The finished copy should hold every entry exactly as given, and no pictures.
** Opening Material for the task block **
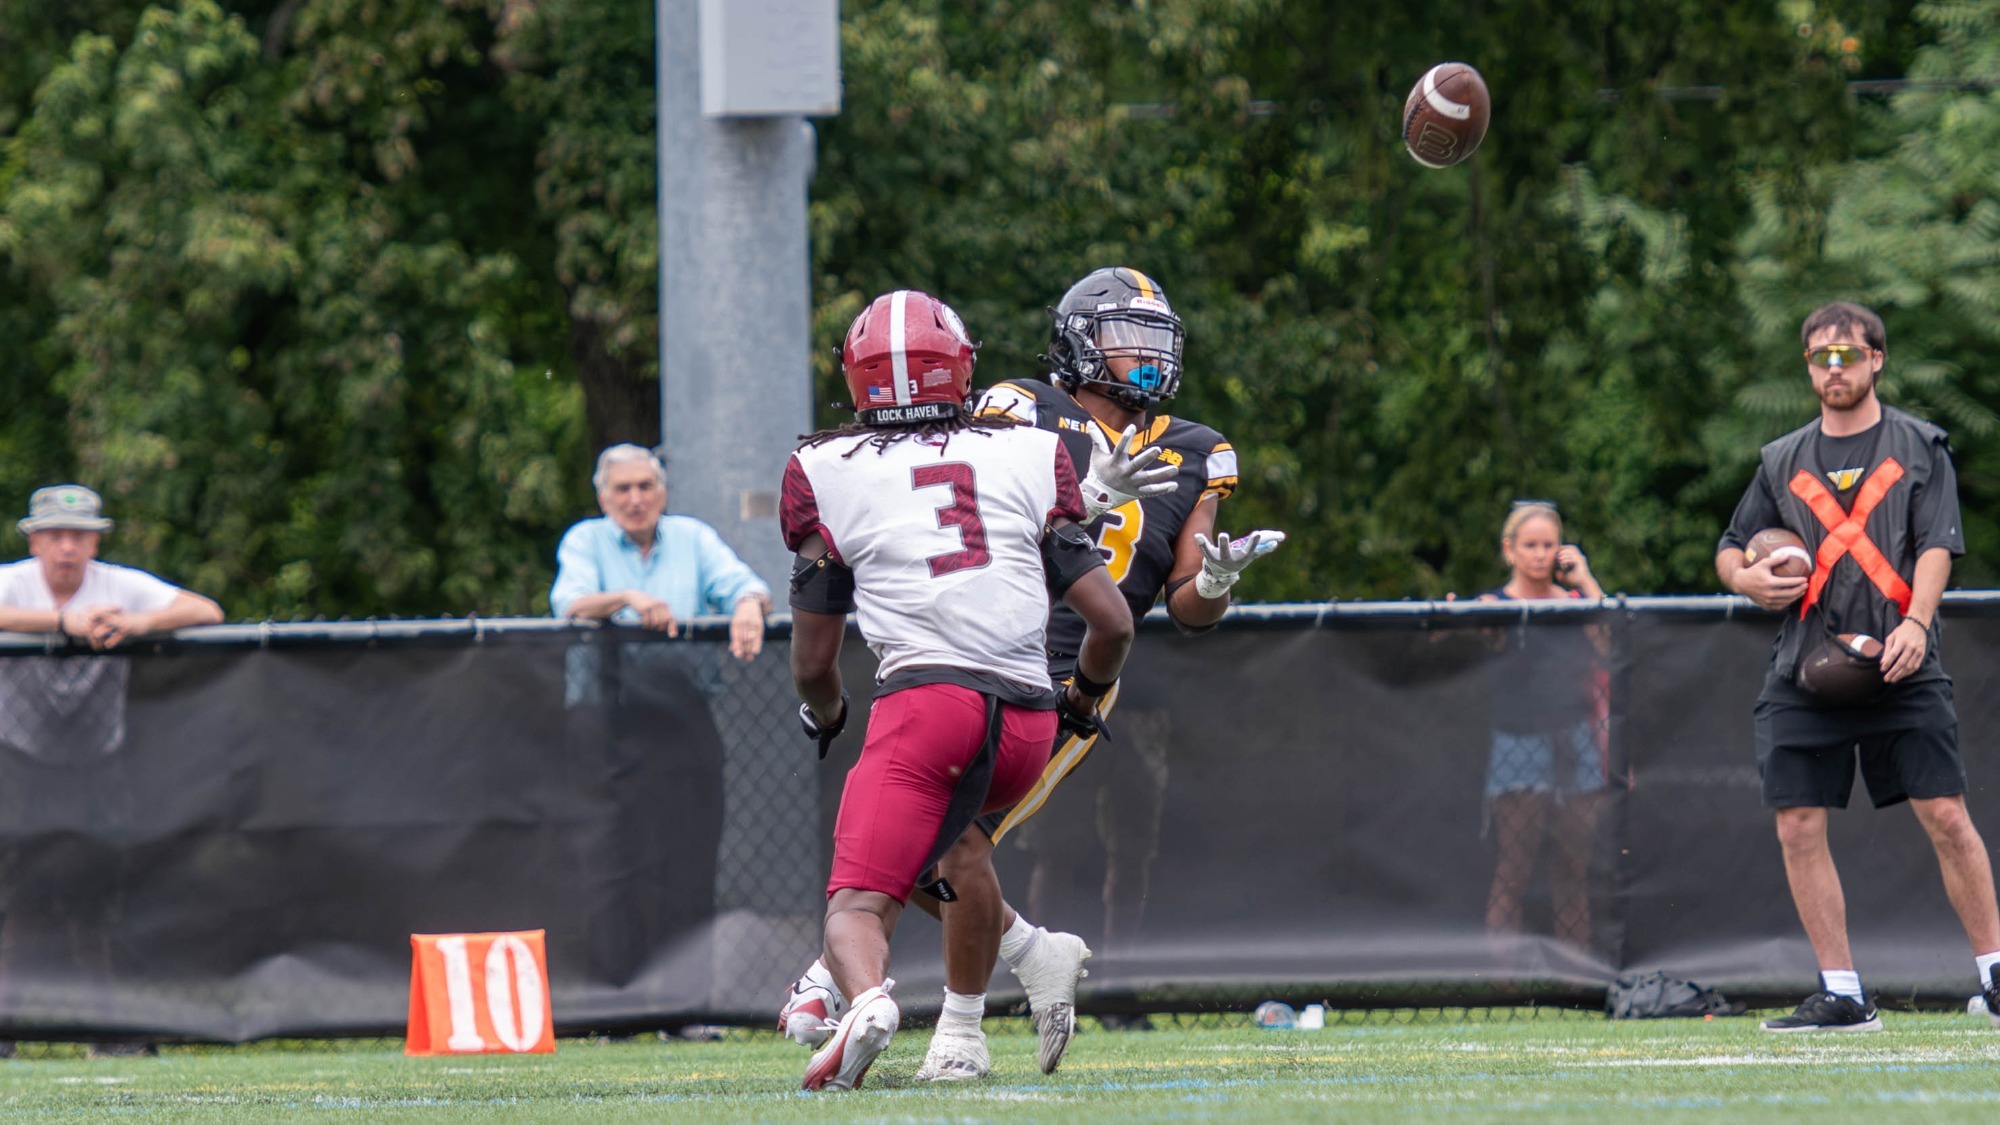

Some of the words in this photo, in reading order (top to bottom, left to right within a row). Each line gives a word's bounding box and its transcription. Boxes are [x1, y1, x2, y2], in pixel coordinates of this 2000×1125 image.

[877, 409, 903, 421] LOCK
[905, 404, 939, 419] HAVEN
[908, 379, 919, 394] 3
[909, 460, 993, 579] 3
[435, 934, 546, 1053] 10
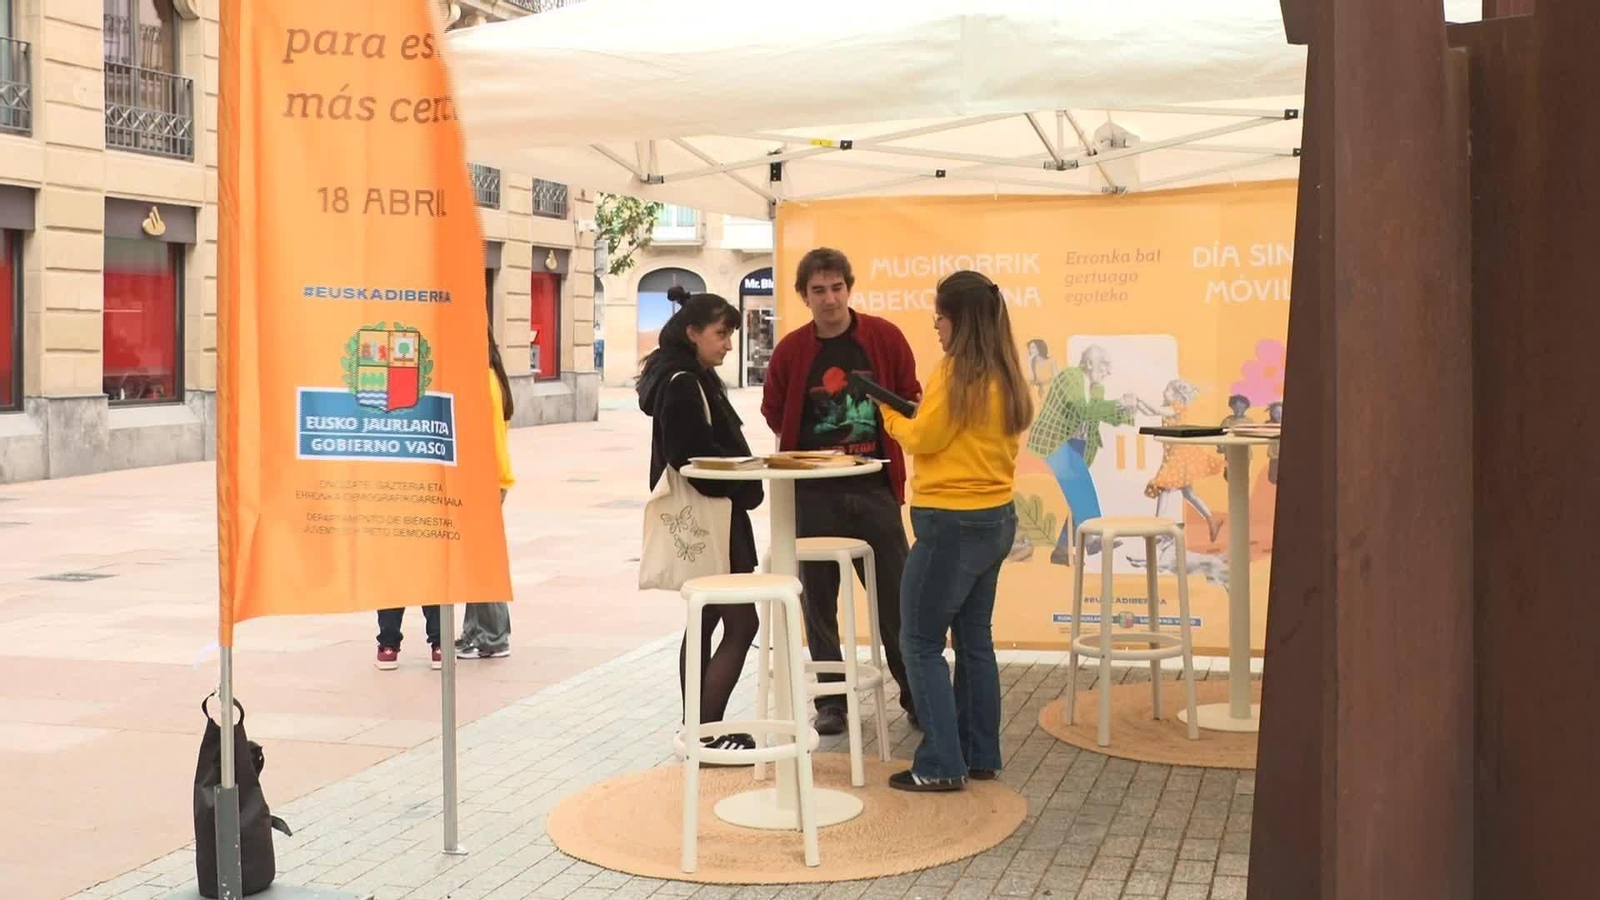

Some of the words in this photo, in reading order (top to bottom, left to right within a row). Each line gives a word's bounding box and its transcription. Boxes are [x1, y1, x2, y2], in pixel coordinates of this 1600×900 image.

[282, 28, 386, 64] para
[400, 32, 440, 60] es
[283, 83, 377, 121] más
[317, 186, 349, 214] 18
[363, 187, 447, 218] ABRIL
[1065, 248, 1131, 265] Erronka
[1135, 247, 1162, 264] bat
[1191, 240, 1241, 269] DÍA
[1250, 242, 1295, 268] SIN
[870, 252, 1041, 280] MUGIKORRIK
[745, 278, 760, 289] Mr.
[1064, 270, 1139, 287] gertuago
[847, 287, 938, 311] ABEKO
[1064, 288, 1130, 306] egoteko
[305, 416, 358, 431] EUSKO
[361, 417, 449, 436] JAURLARITZA
[311, 438, 401, 453] GOBIERNO
[405, 440, 446, 456] VASCO
[427, 482, 444, 492] ETA
** Closing Material for the task block **
Response to the exercise:
Some of the words in this photo, in reading order (top to bottom, left to right within a row). Each line gives a word's bounding box and its transcription. Boxes are [x1, y1, x2, y2], in pixel coordinates of this 2000×1125 image.

[877, 409, 903, 421] LOCK
[905, 404, 939, 419] HAVEN
[908, 379, 919, 394] 3
[909, 460, 993, 579] 3
[435, 934, 546, 1053] 10

Some of the words in this photo, in reading order (top to bottom, left to right within a row). Each line gives a word's bounding box and its transcription. Boxes are [x1, y1, x2, y2], in pixel coordinates of this 1600×900 image.

[282, 28, 386, 64] para
[400, 32, 440, 60] es
[283, 83, 377, 121] más
[317, 186, 349, 214] 18
[363, 187, 447, 218] ABRIL
[1065, 248, 1131, 265] Erronka
[1135, 247, 1162, 264] bat
[1191, 240, 1241, 269] DÍA
[1250, 242, 1295, 268] SIN
[870, 252, 1041, 280] MUGIKORRIK
[745, 278, 760, 289] Mr.
[1064, 270, 1139, 287] gertuago
[847, 287, 938, 311] ABEKO
[1064, 288, 1130, 306] egoteko
[305, 416, 358, 431] EUSKO
[361, 417, 449, 436] JAURLARITZA
[311, 438, 401, 453] GOBIERNO
[405, 440, 446, 456] VASCO
[427, 482, 444, 492] ETA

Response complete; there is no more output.